• _Required action_: Images excluded, repeat each entry below exactly.

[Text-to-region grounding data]
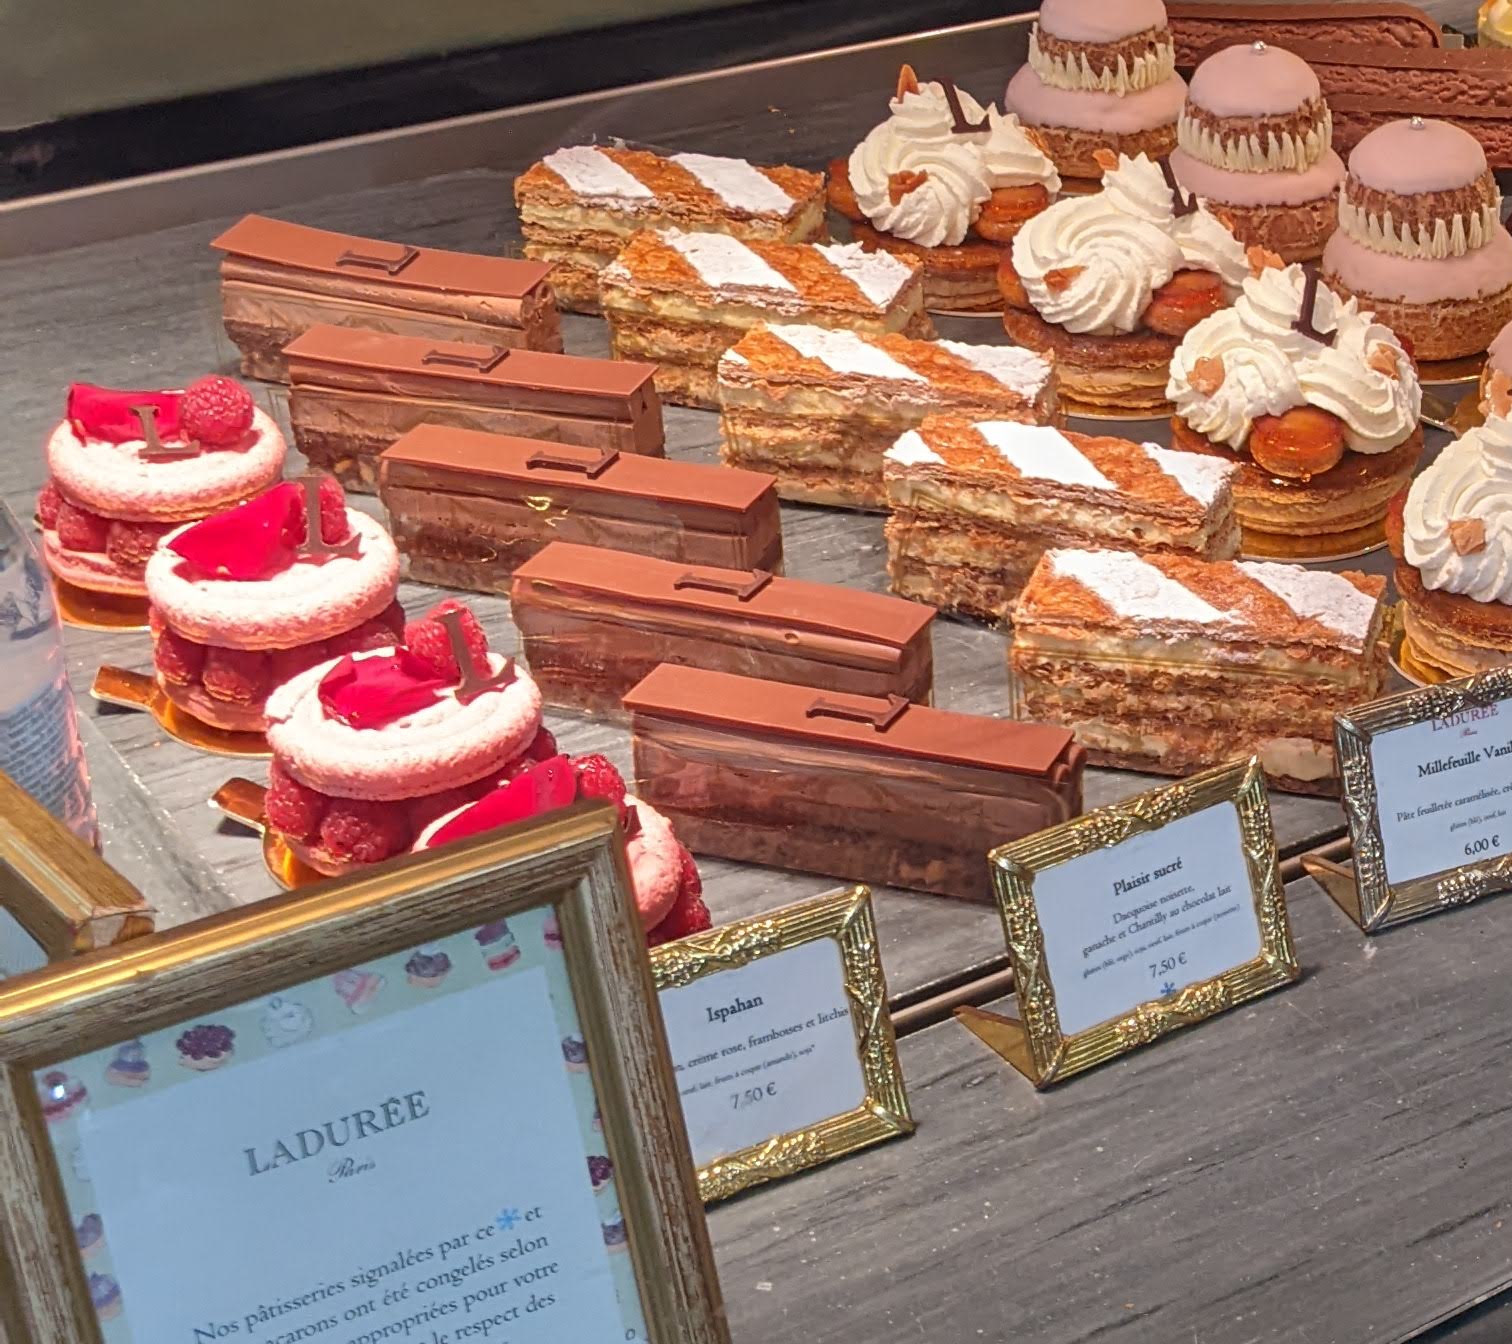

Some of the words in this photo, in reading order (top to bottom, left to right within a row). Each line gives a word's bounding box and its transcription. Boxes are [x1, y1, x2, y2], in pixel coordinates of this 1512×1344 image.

[1418, 751, 1480, 777] Millefeuille
[1397, 812, 1414, 822] Pâte
[1465, 838, 1489, 855] 6,00
[1492, 835, 1500, 847] €
[1113, 874, 1150, 896] Plaisir
[1154, 857, 1182, 879] sucré
[1083, 935, 1116, 958] ganache
[1118, 931, 1126, 939] et
[1128, 912, 1167, 933] Chantilly
[1182, 892, 1216, 912] chocolat
[1149, 957, 1175, 978] 7,50
[1178, 952, 1187, 964] €
[706, 997, 763, 1022] Ispahan
[688, 1052, 718, 1067] crème
[721, 1044, 746, 1056] rose,
[749, 1024, 803, 1048] framboises
[806, 1020, 815, 1028] et
[767, 1082, 776, 1095] €
[243, 1090, 429, 1176] LADURÉE
[328, 1157, 376, 1184] Paris
[244, 1282, 345, 1333] pâtisseries
[351, 1248, 434, 1288] signalées
[438, 1234, 469, 1261] par
[475, 1226, 494, 1240] ce
[525, 1207, 542, 1221] et
[344, 1300, 376, 1320] ont
[383, 1282, 409, 1306] été
[416, 1254, 495, 1293] congelés
[500, 1237, 548, 1262] selon
[463, 1282, 508, 1313] pour
[513, 1263, 558, 1287] votre
[455, 1307, 520, 1340] respect
[525, 1294, 555, 1313] des

• _Answer section_:
Some of the words in this photo, in reading order (top to bottom, left to right within a row). Each line gives a word's bounding box and its transcription. Boxes are [x1, y1, x2, y2], in pixel coordinates of this 1512×1344 image.

[1418, 751, 1480, 777] Millefeuille
[1397, 812, 1414, 822] Pâte
[1465, 838, 1489, 855] 6,00
[1492, 835, 1500, 847] €
[1113, 874, 1150, 896] Plaisir
[1154, 857, 1182, 879] sucré
[1083, 935, 1116, 958] ganache
[1118, 931, 1126, 939] et
[1128, 912, 1167, 933] Chantilly
[1182, 892, 1216, 912] chocolat
[1149, 957, 1175, 978] 7,50
[1178, 952, 1187, 964] €
[706, 997, 763, 1022] Ispahan
[688, 1052, 718, 1067] crème
[721, 1044, 746, 1056] rose,
[749, 1024, 803, 1048] framboises
[806, 1020, 815, 1028] et
[767, 1082, 776, 1095] €
[243, 1090, 429, 1176] LADURÉE
[328, 1157, 376, 1184] Paris
[244, 1282, 345, 1333] pâtisseries
[351, 1248, 434, 1288] signalées
[438, 1234, 469, 1261] par
[475, 1226, 494, 1240] ce
[525, 1207, 542, 1221] et
[344, 1300, 376, 1320] ont
[383, 1282, 409, 1306] été
[416, 1254, 495, 1293] congelés
[500, 1237, 548, 1262] selon
[463, 1282, 508, 1313] pour
[513, 1263, 558, 1287] votre
[455, 1307, 520, 1340] respect
[525, 1294, 555, 1313] des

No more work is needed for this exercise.